» Task: Each line of the data below should be restated exactly, with images left out.

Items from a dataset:
────────────────────

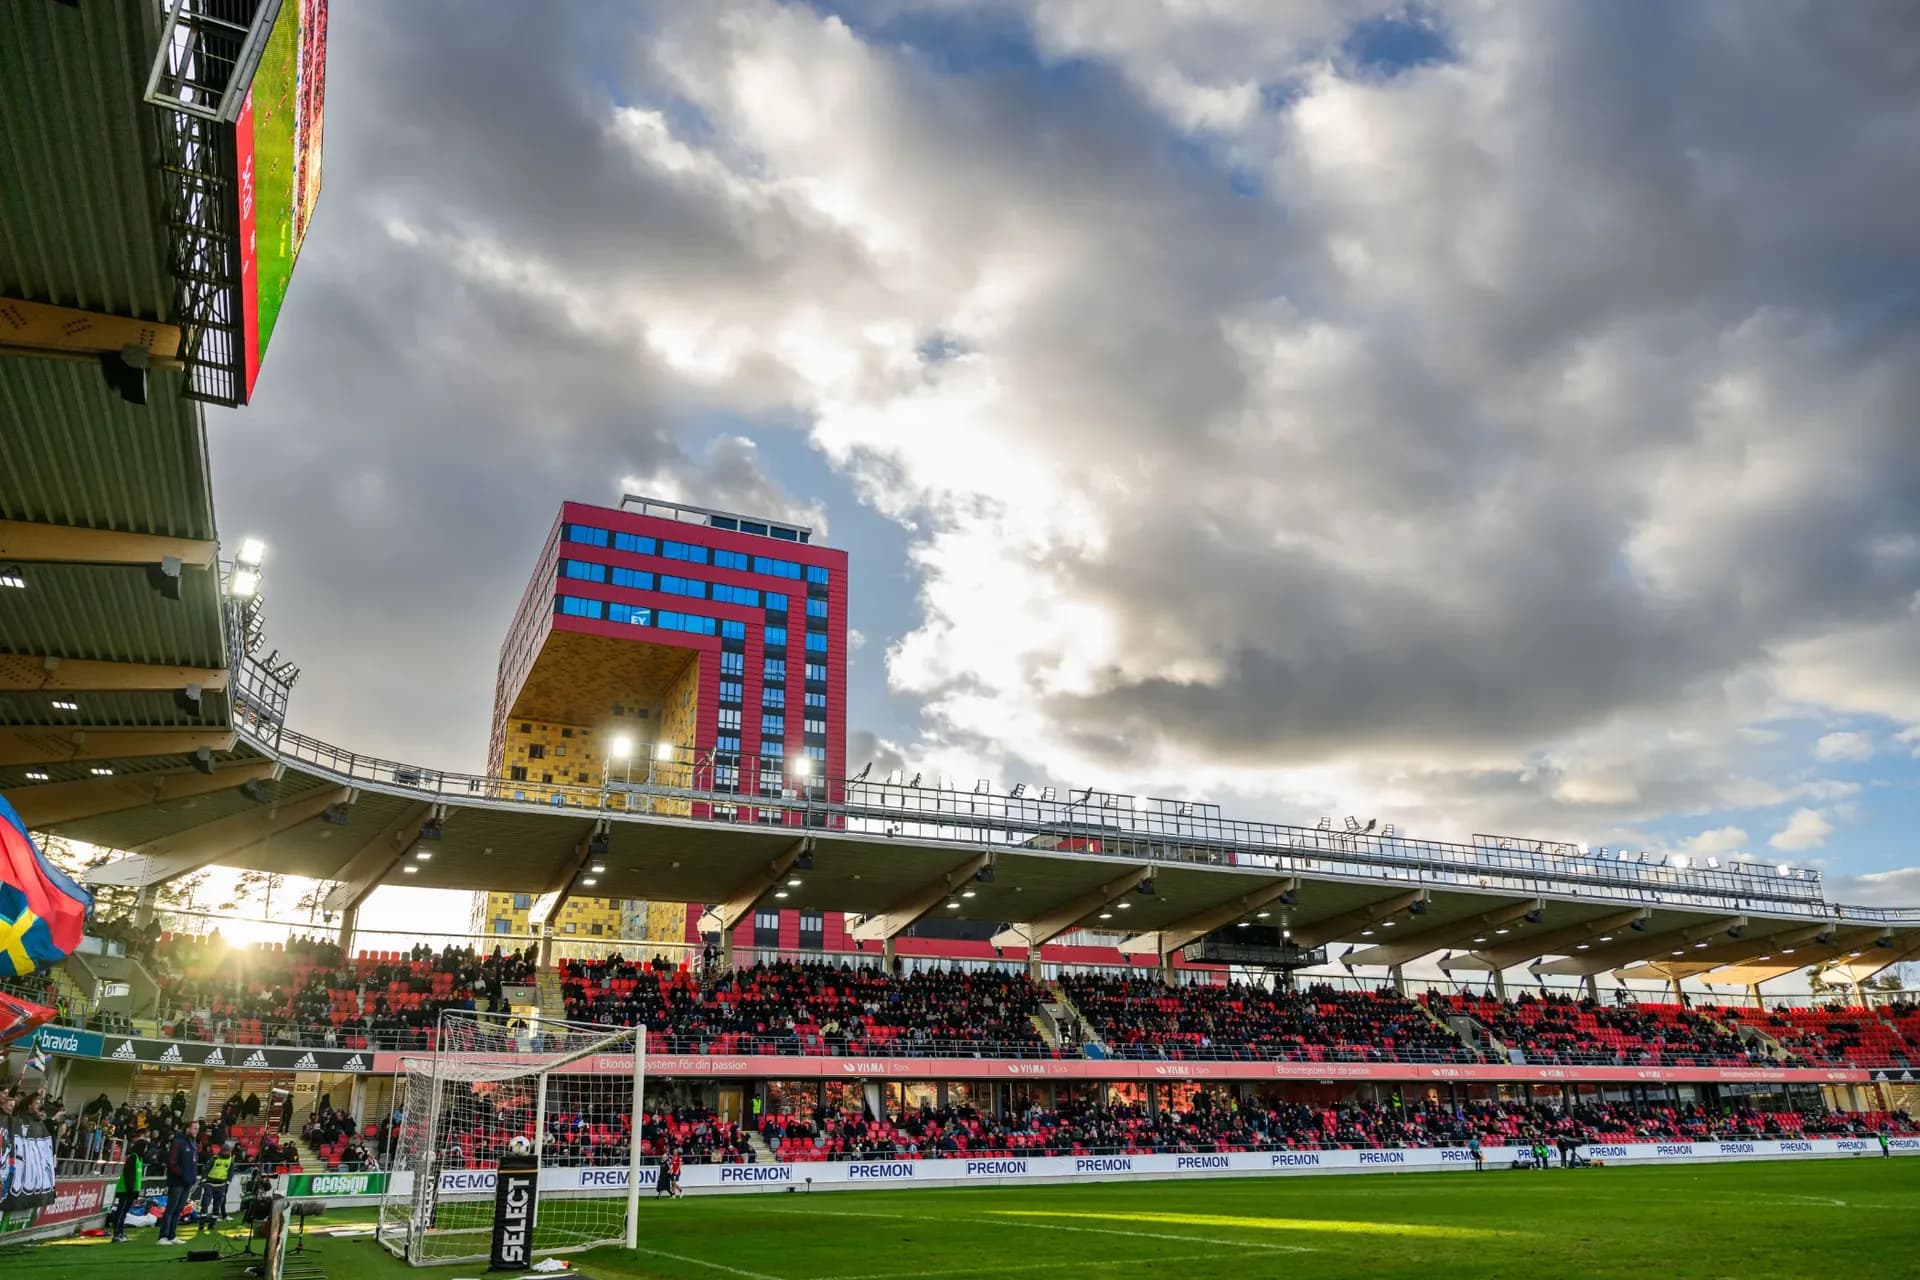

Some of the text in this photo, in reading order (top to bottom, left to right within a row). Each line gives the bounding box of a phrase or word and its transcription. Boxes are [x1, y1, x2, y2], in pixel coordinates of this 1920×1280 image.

[631, 615, 647, 626] EY
[41, 1031, 79, 1052] bravida
[679, 1059, 693, 1070] för
[695, 1060, 711, 1070] din
[712, 1061, 748, 1073] passion
[857, 1063, 885, 1073] VISMA
[1020, 1064, 1045, 1073] VISMA
[1167, 1066, 1190, 1075] VISMA
[1656, 1145, 1693, 1155] PREMON
[1720, 1143, 1754, 1153] PREMON
[1780, 1142, 1812, 1152] PREMON
[1837, 1140, 1867, 1150] PREMON
[1359, 1152, 1404, 1163] PREMON
[1589, 1146, 1627, 1157] PREMON
[1076, 1158, 1131, 1172] PREMON
[1177, 1156, 1229, 1169] PREMON
[1272, 1153, 1320, 1166] PREMON
[849, 1164, 913, 1178] PREMON
[967, 1161, 1026, 1175] PREMON
[721, 1167, 790, 1182] PREMON
[312, 1176, 369, 1195] ecosign
[501, 1177, 530, 1263] SELECT
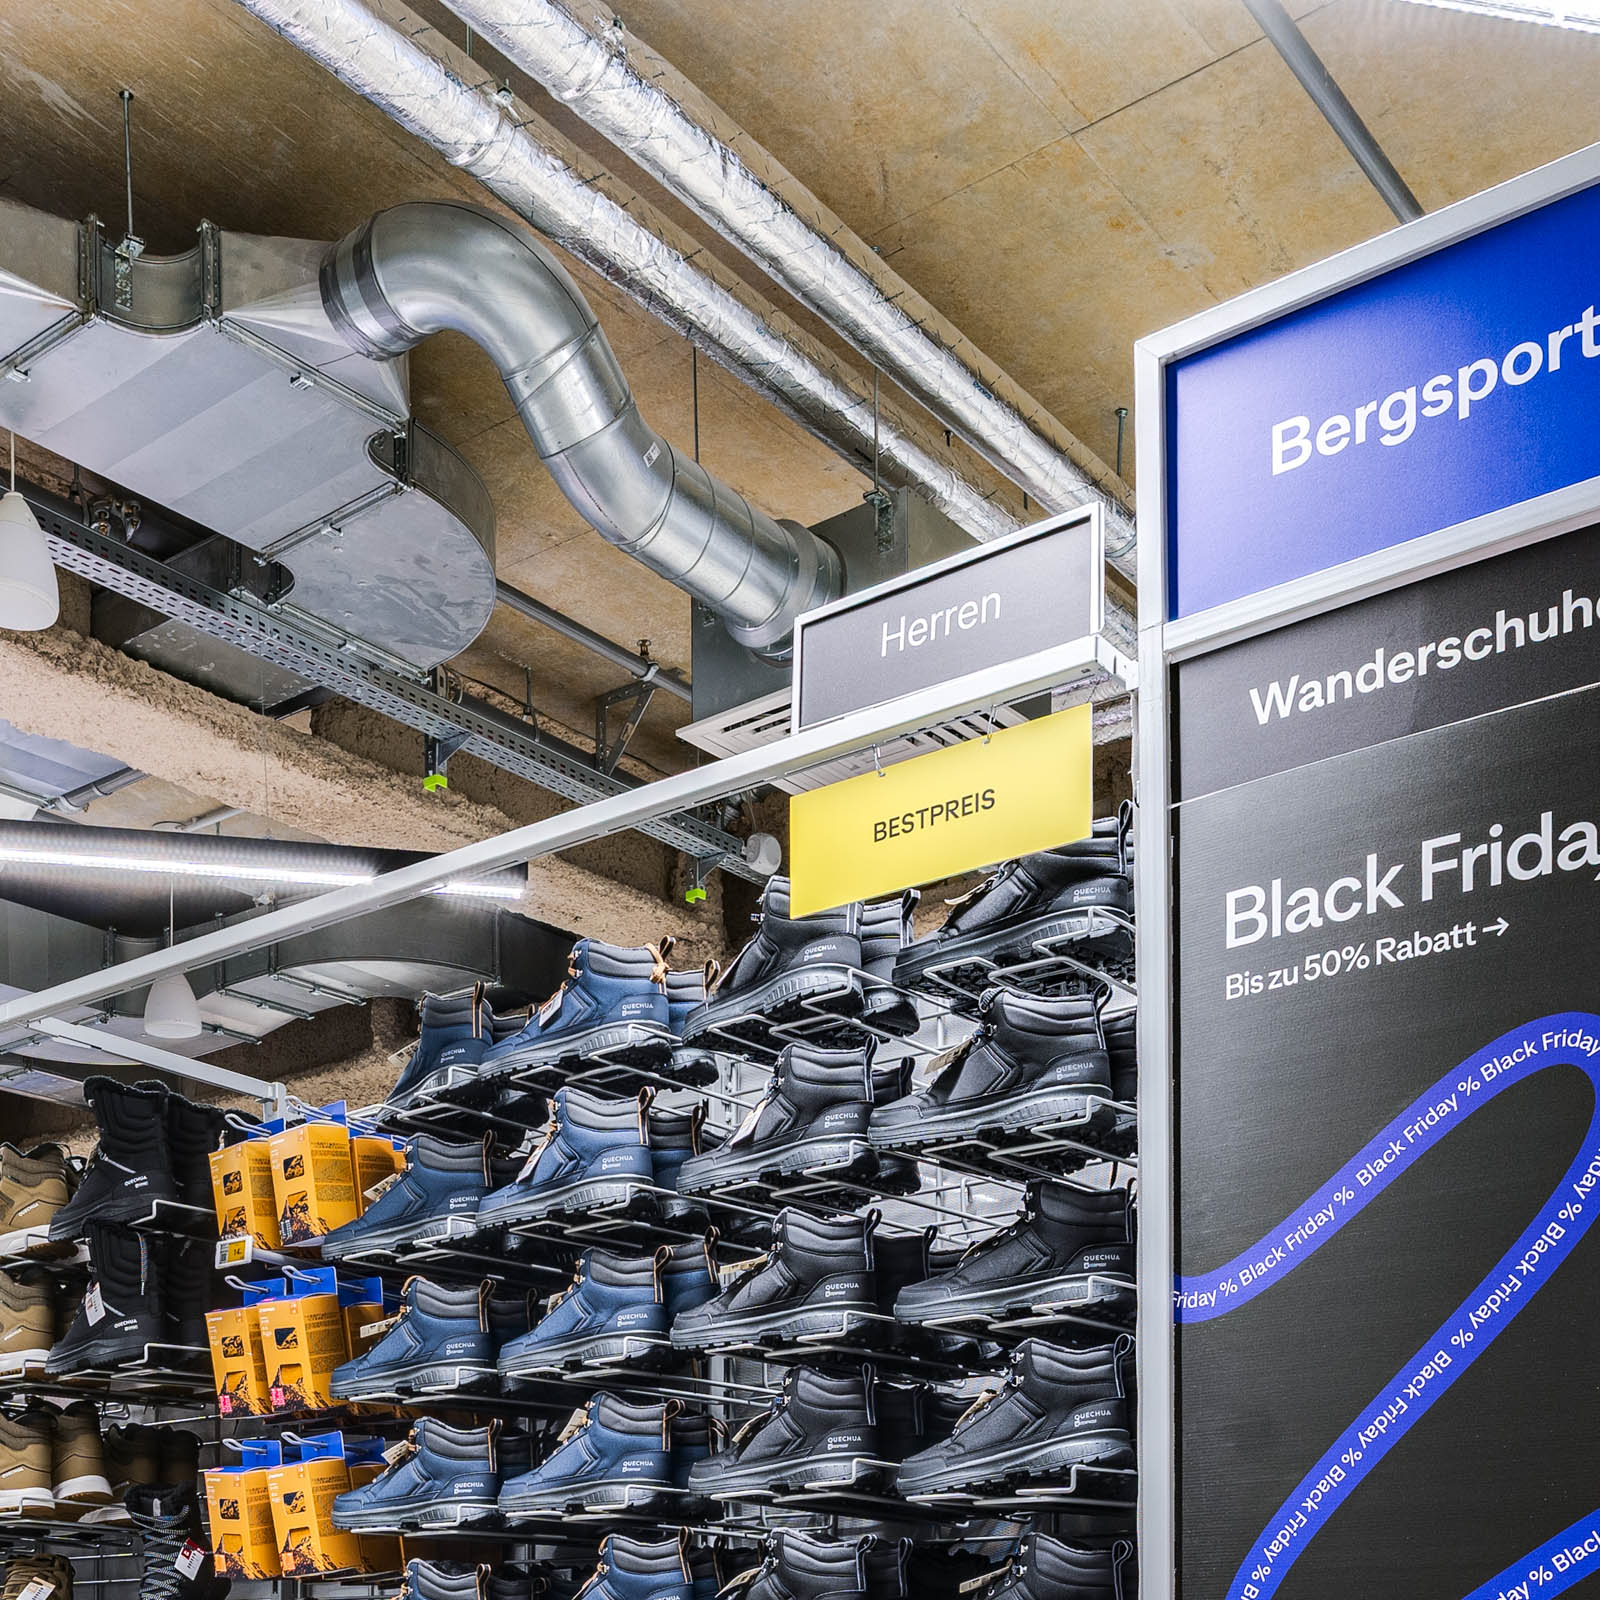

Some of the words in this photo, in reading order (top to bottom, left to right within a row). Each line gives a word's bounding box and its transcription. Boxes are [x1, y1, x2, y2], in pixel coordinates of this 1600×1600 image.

[881, 592, 1000, 657] Herren
[873, 789, 996, 843] BESTPREIS
[1074, 888, 1111, 897] QUECHUA
[1225, 860, 1404, 951] Black
[805, 945, 836, 954] QUECHUA
[1225, 968, 1263, 1002] Bis
[1266, 962, 1299, 991] zu
[1303, 943, 1371, 982] 50%
[1374, 921, 1477, 966] Rabatt
[441, 1049, 465, 1057] QUECHUA
[1056, 1063, 1094, 1073] QUECHUA
[1480, 1040, 1537, 1084] Black
[1457, 1076, 1481, 1096] %
[825, 1113, 858, 1121] QUECHUA
[1404, 1093, 1459, 1145] Friday
[1356, 1143, 1407, 1187] Black
[1333, 1187, 1354, 1205] %
[1558, 1202, 1583, 1222] %
[1284, 1205, 1336, 1251] Friday
[1517, 1223, 1565, 1276] Black
[1239, 1246, 1286, 1287] Black
[1219, 1279, 1238, 1296] %
[1468, 1274, 1522, 1328] Friday
[1451, 1328, 1474, 1348] %
[1402, 1350, 1452, 1398] Black
[1075, 1411, 1112, 1420] QUECHUA
[1358, 1397, 1407, 1448] Friday
[828, 1436, 861, 1444] QUECHUA
[1342, 1447, 1363, 1467] %
[1302, 1465, 1345, 1510] Black
[1264, 1509, 1308, 1563] Friday
[1252, 1564, 1271, 1582] %
[1528, 1565, 1553, 1586] %
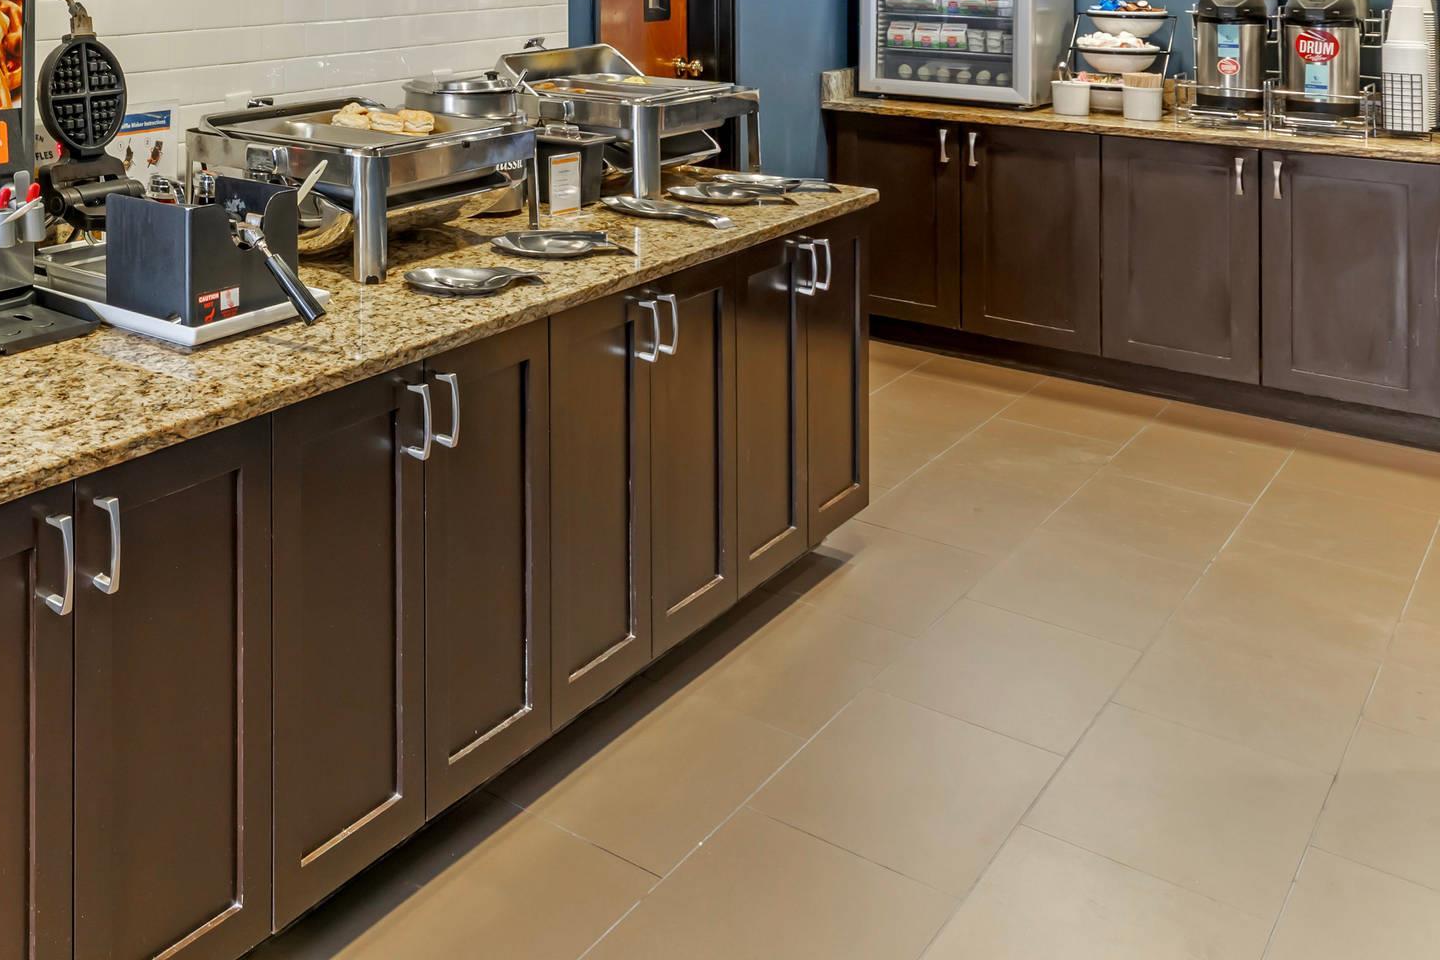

────────────────────

» Answer section:
Some of the text in this photo, in reading order (top to bottom, left to right within a row). Each line gives the bounding box of a phrase or word and its transcription. Boxes are [x1, y1, x2, y2], in pixel coordinates of this 1920×1280 image.

[631, 615, 647, 626] EY
[41, 1031, 79, 1052] bravida
[679, 1059, 693, 1070] för
[695, 1060, 711, 1070] din
[712, 1061, 748, 1073] passion
[857, 1063, 885, 1073] VISMA
[1020, 1064, 1045, 1073] VISMA
[1167, 1066, 1190, 1075] VISMA
[1656, 1145, 1693, 1155] PREMON
[1720, 1143, 1754, 1153] PREMON
[1780, 1142, 1812, 1152] PREMON
[1837, 1140, 1867, 1150] PREMON
[1359, 1152, 1404, 1163] PREMON
[1589, 1146, 1627, 1157] PREMON
[1076, 1158, 1131, 1172] PREMON
[1177, 1156, 1229, 1169] PREMON
[1272, 1153, 1320, 1166] PREMON
[849, 1164, 913, 1178] PREMON
[967, 1161, 1026, 1175] PREMON
[721, 1167, 790, 1182] PREMON
[312, 1176, 369, 1195] ecosign
[501, 1177, 530, 1263] SELECT

Some of the words in this photo, in reading order (top to bottom, left to right within a row). Each line gives a word's bounding box and its transcription. Boxes are [x1, y1, x2, y2], in pixel coordinates of this 1600×1600 image.

[881, 592, 1000, 657] Herren
[873, 789, 996, 843] BESTPREIS
[1074, 888, 1111, 897] QUECHUA
[1225, 860, 1404, 951] Black
[805, 945, 836, 954] QUECHUA
[1225, 968, 1263, 1002] Bis
[1266, 962, 1299, 991] zu
[1303, 943, 1371, 982] 50%
[1374, 921, 1477, 966] Rabatt
[441, 1049, 465, 1057] QUECHUA
[1056, 1063, 1094, 1073] QUECHUA
[1480, 1040, 1537, 1084] Black
[1457, 1076, 1481, 1096] %
[825, 1113, 858, 1121] QUECHUA
[1404, 1093, 1459, 1145] Friday
[1356, 1143, 1407, 1187] Black
[1333, 1187, 1354, 1205] %
[1558, 1202, 1583, 1222] %
[1284, 1205, 1336, 1251] Friday
[1517, 1223, 1565, 1276] Black
[1239, 1246, 1286, 1287] Black
[1219, 1279, 1238, 1296] %
[1468, 1274, 1522, 1328] Friday
[1451, 1328, 1474, 1348] %
[1402, 1350, 1452, 1398] Black
[1075, 1411, 1112, 1420] QUECHUA
[1358, 1397, 1407, 1448] Friday
[828, 1436, 861, 1444] QUECHUA
[1342, 1447, 1363, 1467] %
[1302, 1465, 1345, 1510] Black
[1264, 1509, 1308, 1563] Friday
[1252, 1564, 1271, 1582] %
[1528, 1565, 1553, 1586] %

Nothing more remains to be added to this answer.